With condoms already handed out in many schools, Radical Homosexuals will have little trouble adopting today’s “if it feels good do it” sex-ed curriculum to their agenda.

And to add insult to injury, lobbyists for the Homosexual Agenda are paid off with your tax dollars!

That’s right, radical homosexual groups like the Gay-Lesbian Task Force and ACT-UP receive millions from the government.

Hundreds of millions of dollars flow from taxpayers to homosexual activists through funding for homosexual “art,” so-called AIDS-awareness programs, and research grants…”

OK…so…at this point I need you to sit back down and take a deep breath, because it’s about to get a whole lot weirder.
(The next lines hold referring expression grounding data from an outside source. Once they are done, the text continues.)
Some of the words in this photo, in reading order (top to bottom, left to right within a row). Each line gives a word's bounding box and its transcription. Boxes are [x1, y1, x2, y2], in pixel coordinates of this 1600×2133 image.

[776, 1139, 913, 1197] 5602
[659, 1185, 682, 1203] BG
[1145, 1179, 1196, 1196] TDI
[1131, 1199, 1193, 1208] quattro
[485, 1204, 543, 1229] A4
I do not want you drinking anything while you read this next passage.
I don’t want you eating, either.

There are a few of you who may…oh, how should I put this…it’s possible that you may have some doubts about your own mental health.
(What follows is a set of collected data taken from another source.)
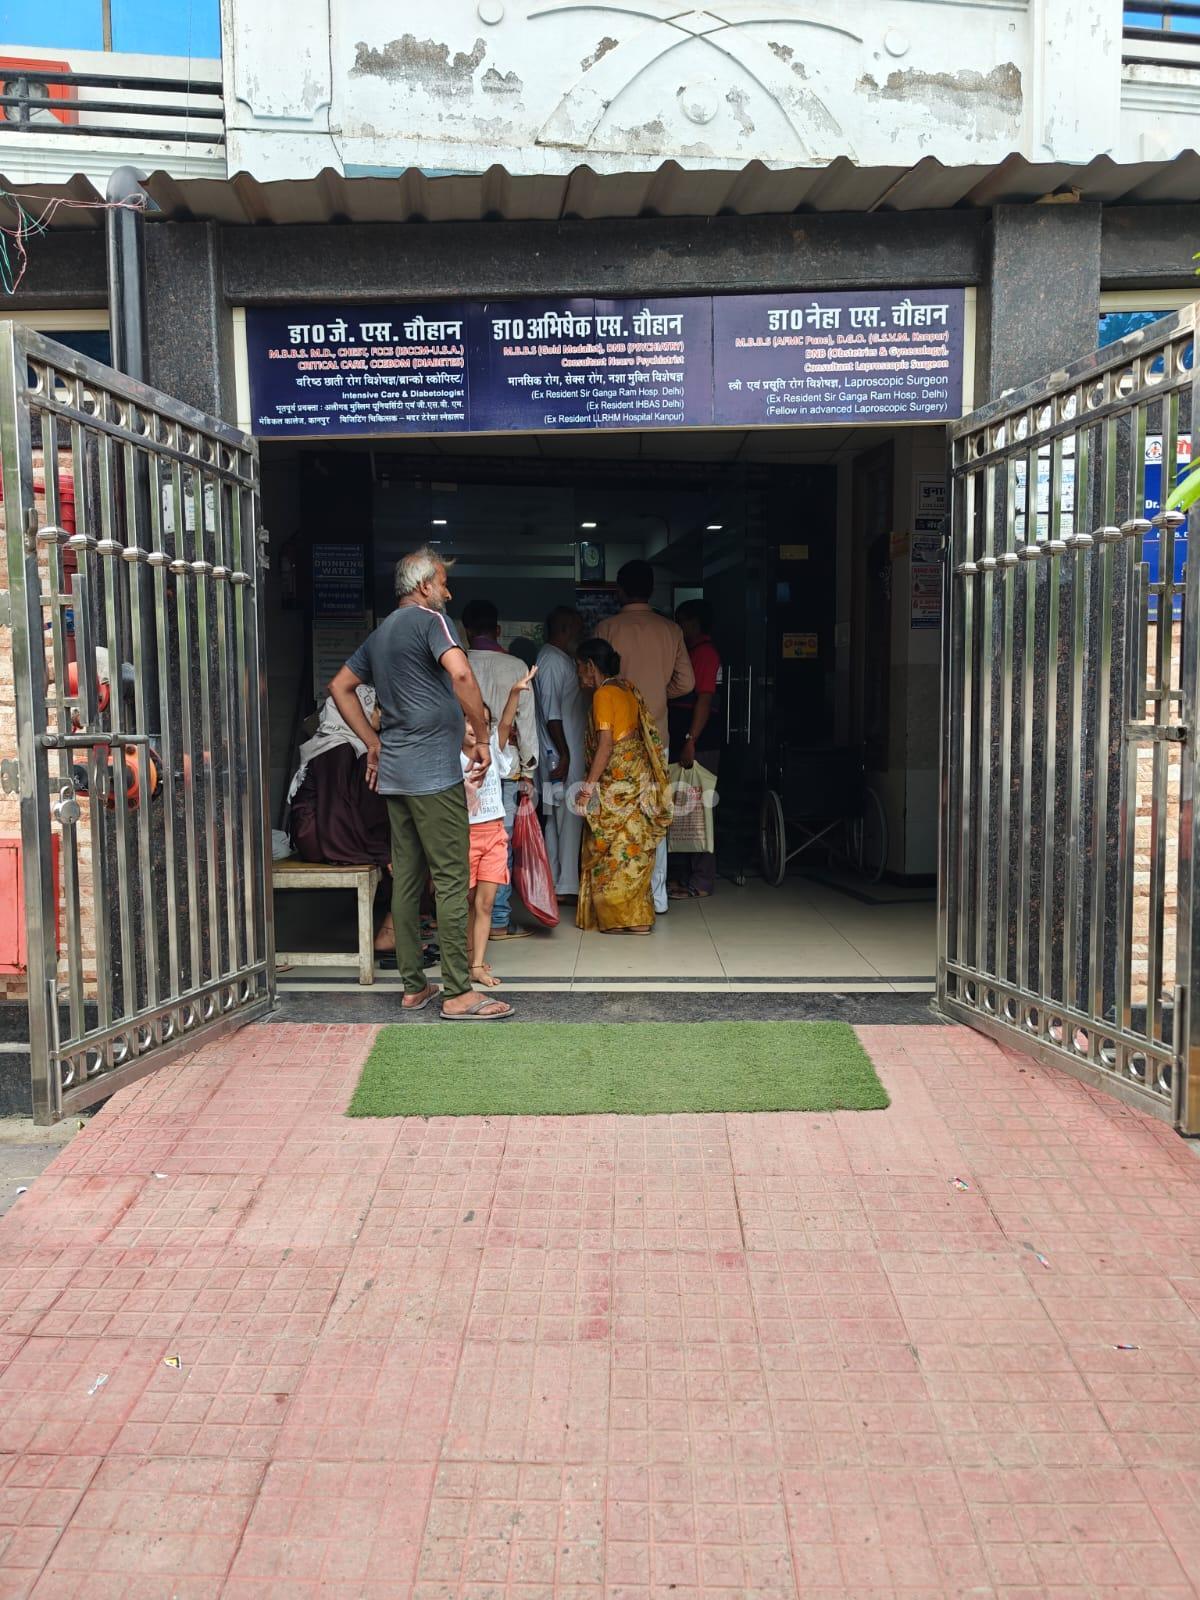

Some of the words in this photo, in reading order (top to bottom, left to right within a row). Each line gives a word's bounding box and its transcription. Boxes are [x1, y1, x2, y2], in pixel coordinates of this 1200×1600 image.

[806, 303, 841, 330] नेहा
[849, 306, 886, 328] एस.
[892, 299, 949, 325] चौहान
[360, 322, 398, 342] एस.
[404, 316, 462, 341] चौहान
[527, 311, 593, 339] अभिषेक
[595, 315, 628, 337] एस.
[632, 308, 683, 335] चौहान
[879, 347, 887, 356] &
[561, 357, 606, 367] Consultant
[804, 362, 853, 372] Consultant
[911, 359, 949, 370] Surgeon
[345, 375, 361, 385] रोग
[508, 374, 541, 386] मानसिक
[565, 372, 584, 384] सेक्स
[608, 373, 626, 383] नशा
[652, 370, 683, 383] विशेषज्ञ
[789, 377, 804, 389] रोग
[845, 375, 904, 389] Laproscopic
[907, 374, 948, 387] Surgeon
[411, 390, 464, 399] Diabetologist
[532, 391, 544, 400] (Ex
[546, 390, 578, 399] Resident
[580, 389, 590, 397] Sir
[592, 389, 617, 400] Ganga
[619, 388, 636, 397] Ram
[662, 387, 684, 396] Delhi)
[766, 394, 780, 404] (Ex
[785, 393, 822, 402] Resident
[824, 392, 836, 401] Sir
[838, 392, 868, 403] Ganga
[870, 391, 891, 400] Ram
[893, 390, 919, 401] Hosp.
[922, 389, 948, 400] Delhi)
[587, 402, 599, 411] (Ex
[601, 401, 634, 410] Resident
[635, 400, 660, 409] IHBAS
[662, 400, 684, 410] Delhi)
[766, 405, 797, 417] (Fellow
[800, 406, 808, 414] in
[810, 404, 852, 414] advanced
[855, 402, 907, 414] Laproscopic
[909, 401, 948, 413] Surgery)
[544, 415, 557, 425] (Ex
[558, 414, 591, 423] Resident
[593, 413, 621, 422] LLRHM
[623, 413, 653, 423] Hospital
[655, 412, 684, 423] Kanpur)
[1145, 499, 1160, 509] Dr.
[315, 560, 364, 568] DRINKING
[322, 567, 357, 575] WATER
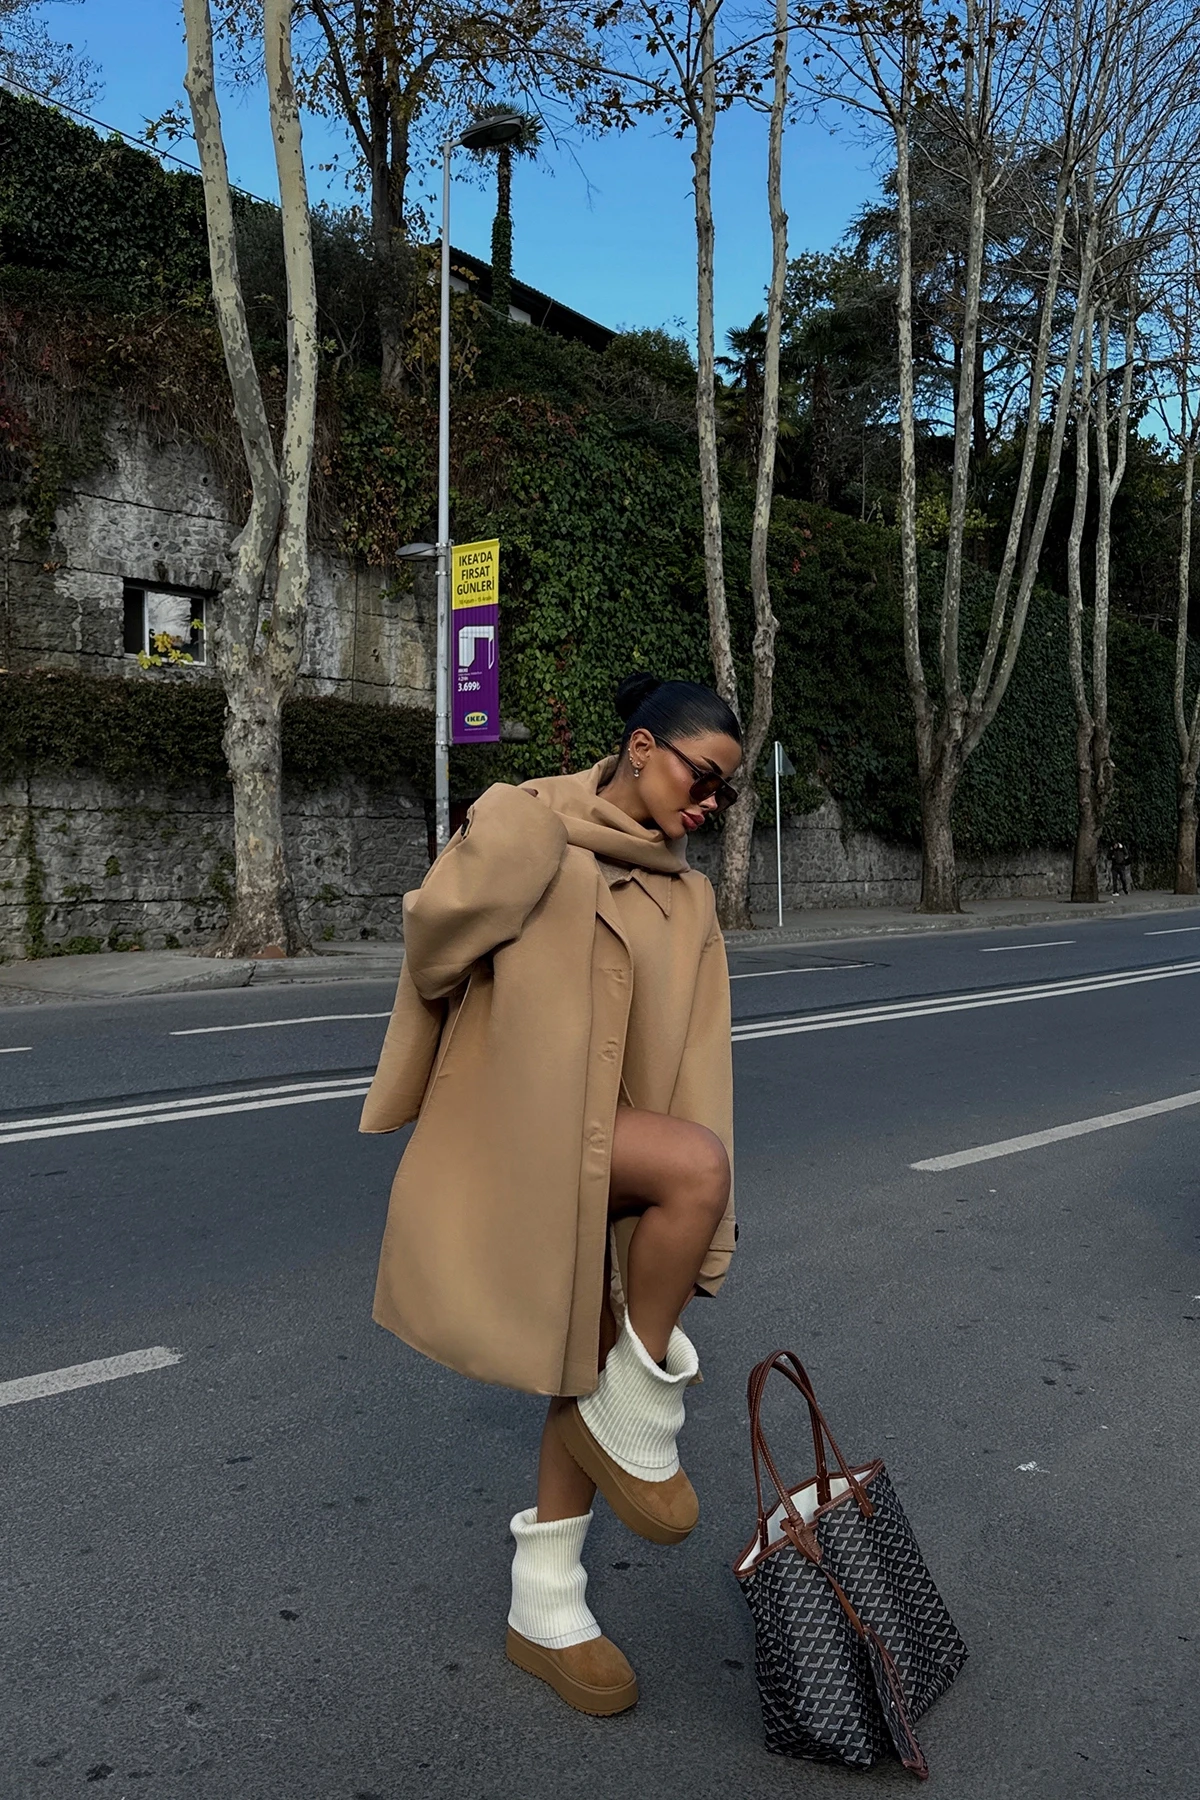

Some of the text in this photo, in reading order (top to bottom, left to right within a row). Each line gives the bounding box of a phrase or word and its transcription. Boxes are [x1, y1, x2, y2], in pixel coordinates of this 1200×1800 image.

[459, 551, 493, 566] IKEA'DA
[461, 565, 490, 580] FIRSAT
[457, 576, 494, 595] GÜNLERİ
To paraphrase comedian Lewis Black: if you go to an International House of Pancakes and you have “body issues”, you will inevitably feel better about yourself after the visit; this because there is always someone there who is at least 400 pounds heavier than you will ever weigh, ever, in your entire life.
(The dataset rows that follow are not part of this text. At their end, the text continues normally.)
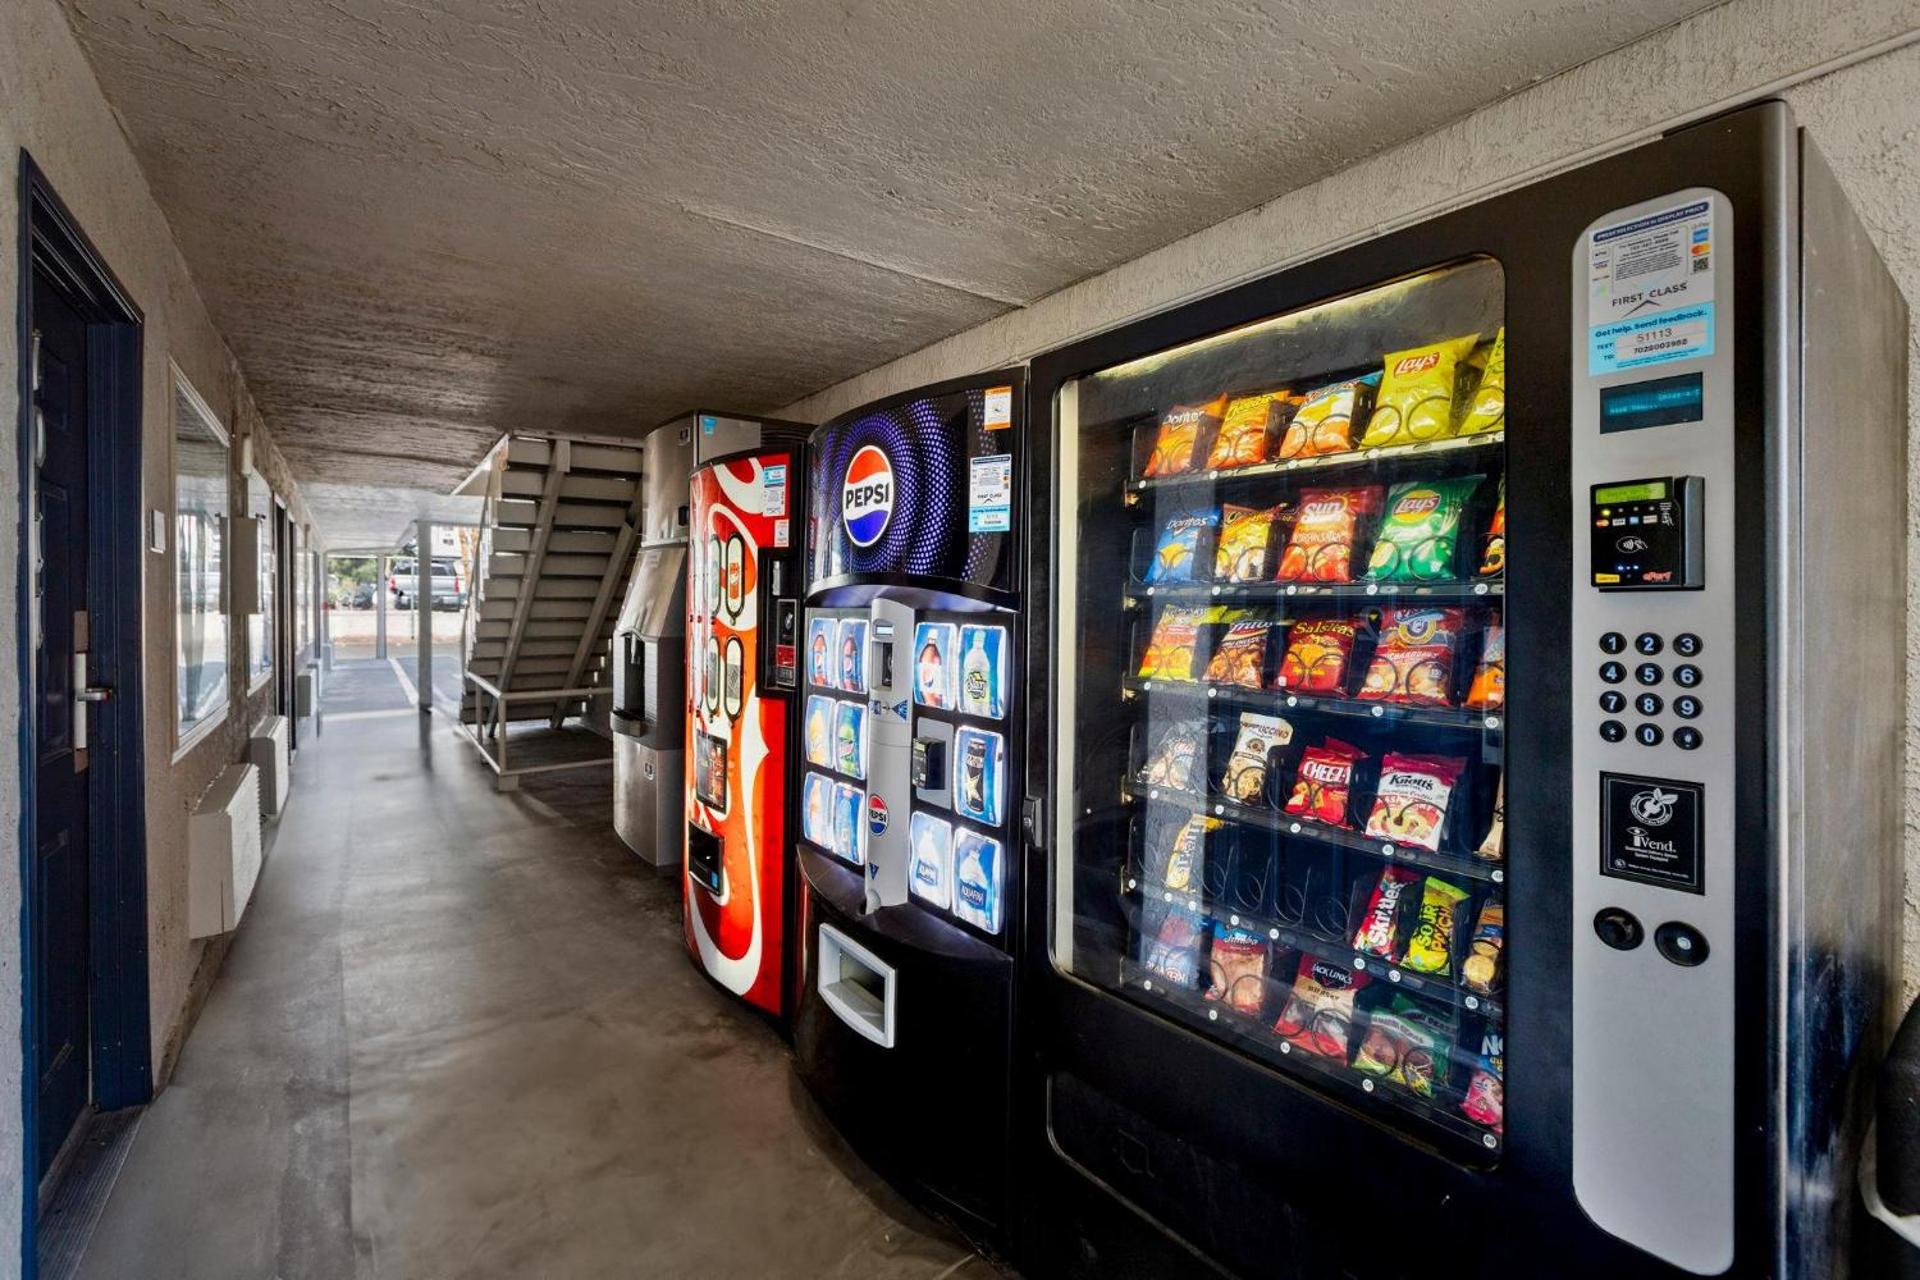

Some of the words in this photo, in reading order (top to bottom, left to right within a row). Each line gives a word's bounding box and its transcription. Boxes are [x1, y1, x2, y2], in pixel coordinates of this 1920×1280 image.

[1612, 292, 1643, 307] FIRST
[1649, 282, 1688, 298] CLASS
[846, 483, 889, 509] PEPSI
[1608, 636, 1616, 651] 1
[1643, 636, 1654, 651] 2
[1681, 638, 1694, 652] 3
[1606, 665, 1617, 680] 4
[1644, 667, 1655, 682] 5
[1681, 668, 1694, 684] 6
[1608, 695, 1617, 710] 7
[1644, 697, 1654, 712] 8
[1681, 700, 1694, 715] 9
[1644, 728, 1655, 743] 0
The next portion of this email represents the International House of Mental Health, and there’s someone there 400 times crazier than you…and it’s this guy:

“…One stormy night I drove to a mailshop hidden deep in a nearly deserted stand of warehouses. I’d heard something was up and wanted to see for myself.

As I rounded the final turn my eyes nearly popped. Tractor-trailers pulled up to loading docks, cars and vans everywhere and long-haired, earring-pierced men scurrying around running forklifts, inserters and huge printing presses.

Trembling with worry I went inside. It was worse than I ever imagined.

Row after row of boxes bulging with pro-homosexual petitions lined the walls, stacked to the ceiling.

My mind reeled as I realized hundreds, maybe thousands, more boxes were already loaded on the tractor-trailers. And still more petitions were flying off the press.

Suddenly a dark-haired man screeched, “Delgaudio what are you doing here?” Dozens of men began moving toward me. I’d been recognized.

As I retreated to my car, the man chortled, “This time Delgaudio we can’t lose.”

Driving away, my eyes filled with tears as I realized he might be right. This time the Radical Homosexuals could win.

You see, even though homosexuals are just 1% of the population, if every one sent a petition to Congress it would generate a tidal wave of two or three million petitions or more.

Hundreds of thousands of pro-homosexual petitions will soon flood Congress , and my friends in Congress tell me there’s virtually nothing on Capitol Hill from the tens of millions of Americans like you who oppose the radical Homosexual Agenda and the Gay Bill of Special Rights.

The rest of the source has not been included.